Exemple 2 : échec d'une attaque XSS dans React

Regardons maintenant un exemple de défense réussie contre une attaque XSS. Le correctif ici est très simple : afin de restituer les entrées de l'utilisateur en toute sécurité, nous ne devons pas utiliser l'attribut dangerouslySetInnerHTML. Au lieu de cela, codons la sortie comme ceci :

<p>
  You searched for: <b>{this.state.submittedSearch}</b>
</p>

Nous prendrons la même entrée, mais cette fois, voici la sortie :

Super ! Les entrées de l'utilisateur sont affichées sous forme de texte à l'écran et la menace a été neutralisée.

C'est une excellente nouvelle ! React échappe au contenu rendu par défaut et traite toutes les données comme des chaînes de texte, ce qui équivaut à utiliser l'API native du navigateur textContent.

Exemple 3 : Nettoyer le contenu HTML dans React

Donc, le conseil ici semble simple. N'utilisez simplement pas dangerouslySetInnerHTML dans votre code React et tout ira bien. Mais que se passe-t-il si vous avez besoin d’utiliser cette fonctionnalité ?

Par exemple, vous extrayez peut-être du contenu d'un système de gestion de contenu (CMS) comme Drupal, et une partie de ce contenu contient du balisage. (BTW, je ne recommanderais probablement pas d'inclure du balisage dans le contenu textuel et les traductions du CMS en premier lieu, mais pour cet exemple, nous supposerons que votre opinion est rejetée et que le contenu balisé restera.)

Dans ce cas, vous voulez vraiment analyser le code HTML et le restituer sur la page. Alors, comment faire cela en toute sécurité ?

La réponse est de nettoyer le HTML avant de le restituer. Au lieu d'échapper complètement au code HTML, vous exécuterez le contenu via une fonction permettant de supprimer tout code potentiellement malveillant avant le rendu.

Il existe de nombreuses bonnes bibliothèques de nettoyage HTML que vous pouvez utiliser. Comme pour tout ce qui concerne la cybersécurité, il est préférable de ne pas écrire cela vous-même.

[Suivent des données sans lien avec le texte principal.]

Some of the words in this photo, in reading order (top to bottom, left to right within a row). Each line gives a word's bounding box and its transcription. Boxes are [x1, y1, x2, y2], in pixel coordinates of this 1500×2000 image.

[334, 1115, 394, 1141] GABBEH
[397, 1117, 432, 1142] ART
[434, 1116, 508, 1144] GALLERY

Certaines personnes sont beaucoup plus intelligentes que vous, qu'elles soient bonnes ou mauvaises, elles réfléchissent plus que vous, assurez-vous d'utiliser des solutions éprouvées.

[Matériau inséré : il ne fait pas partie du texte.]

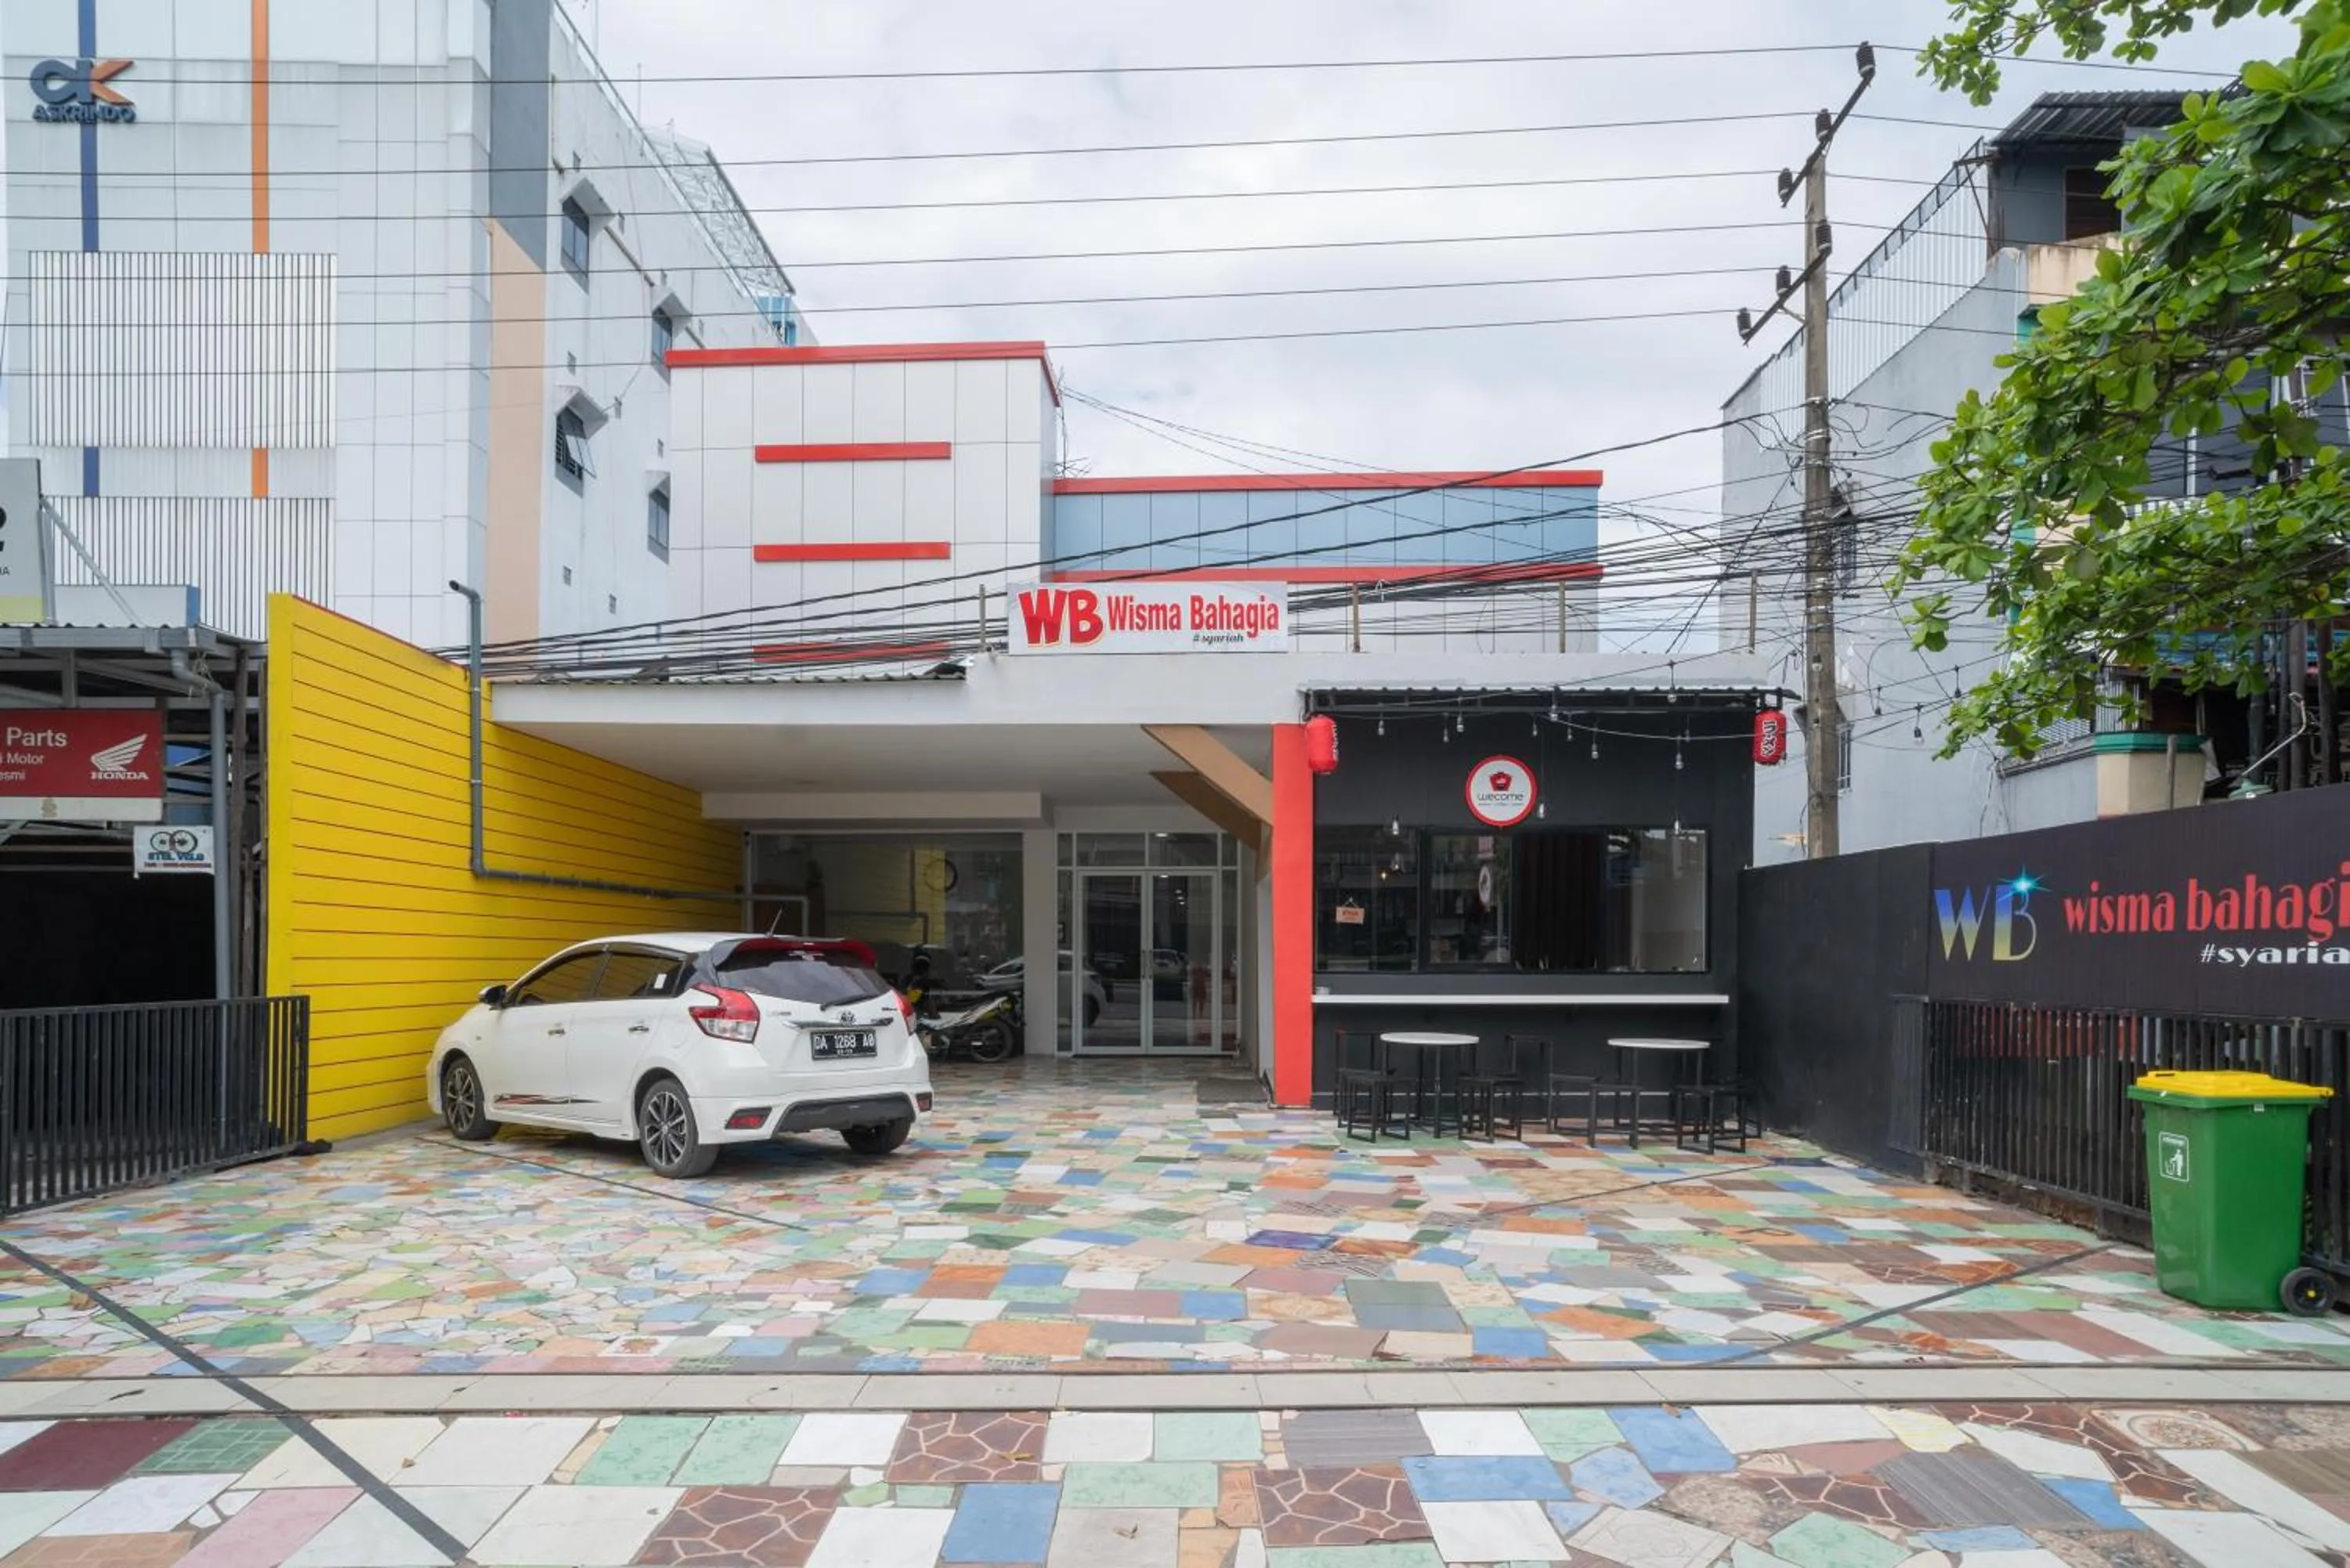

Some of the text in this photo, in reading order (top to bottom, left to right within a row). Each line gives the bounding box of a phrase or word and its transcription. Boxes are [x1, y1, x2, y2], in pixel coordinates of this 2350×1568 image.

[32, 104, 136, 123] ASKRINDO
[1018, 588, 1279, 646] WB Wisma Bahagia
[6, 727, 67, 748] Parts
[6, 752, 45, 765] Motor
[91, 771, 150, 780] HONDA
[1934, 884, 2037, 962] WB
[2063, 881, 2175, 934] wisma
[833, 1034, 856, 1049] 1268

L'une de mes bibliothèques de désinfectants préférées s'appelle sanitize-html (https://www.npmjs.com/package/sanitize-html) et elle fait exactement ce que son nom suggère. Vous commencez avec du HTML sale, l'exécutez via une fonction et obtenez du HTML agréable, propre et sûr en sortie. Vous pouvez même personnaliser les balises et attributs HTML autorisés si vous souhaitez plus de contrôle que ce qu'offrent leurs paramètres par défaut.

Fin

Ça y est. Comment effectuer des attaques XSS, comment les empêcher et comment analyser en toute sécurité le contenu HTML si nécessaire.

Je vous souhaite une programmation heureuse et sûre !

L'exemple de code complet peut être trouvé sur GitHub : https://github.com/thawkin3/xss-demo

Adresse originale : https://blog. zhangbing.site/2019/11/24/protecting-against-xss-attacks-in-react/

Pour plus de connaissances liées à la programmation, veuillez visiter : Apprentissage en programmation ! !

Ce qui précède est le contenu détaillé de. pour plus d'informations, suivez d'autres articles connexes sur le site Web de PHP en chinois!